■ **SOURCE DATA**

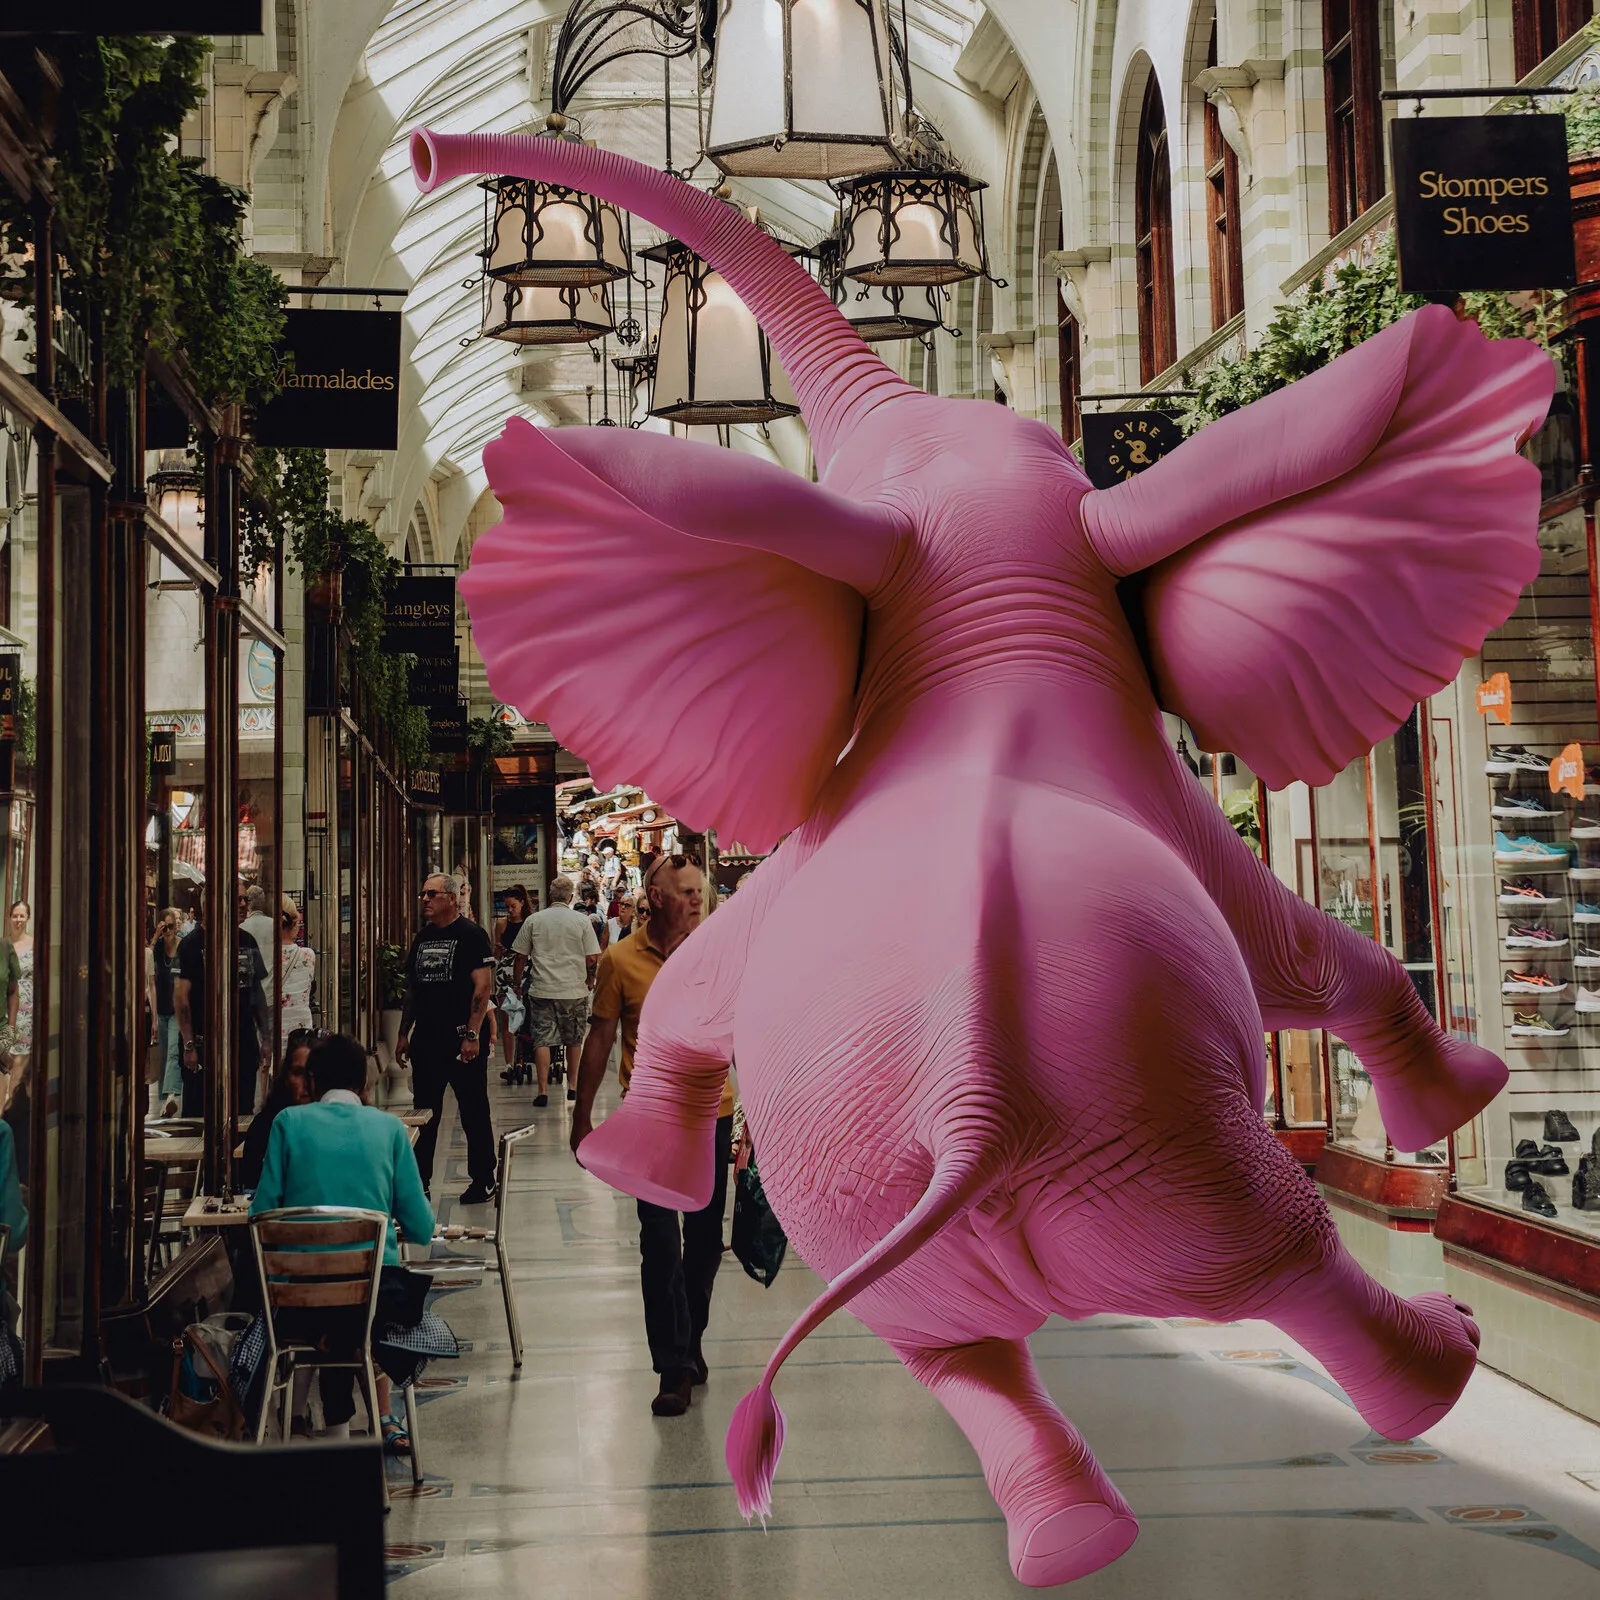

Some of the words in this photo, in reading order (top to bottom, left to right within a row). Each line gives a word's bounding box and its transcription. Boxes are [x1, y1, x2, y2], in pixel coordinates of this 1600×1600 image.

[1418, 170, 1550, 205] Stompers
[1442, 207, 1531, 235] Shoes
[1113, 420, 1161, 441] GYRE
[382, 599, 450, 619] Langleys
[418, 656, 452, 667] OWERS
[430, 719, 461, 729] angleys
[501, 868, 517, 876] Royal

■ **PROBLEM TO WORK ON**
Would you restate all of the data above word for word, omitting the pictures?

■ **YOUR SOLUTION**
Some of the words in this photo, in reading order (top to bottom, left to right within a row). Each line gives a word's bounding box and its transcription. Boxes are [x1, y1, x2, y2], in pixel coordinates of this 1600×1600 image.

[1418, 170, 1550, 205] Stompers
[1442, 207, 1531, 235] Shoes
[1113, 420, 1161, 441] GYRE
[382, 599, 450, 619] Langleys
[418, 656, 452, 667] OWERS
[430, 719, 461, 729] angleys
[501, 868, 517, 876] Royal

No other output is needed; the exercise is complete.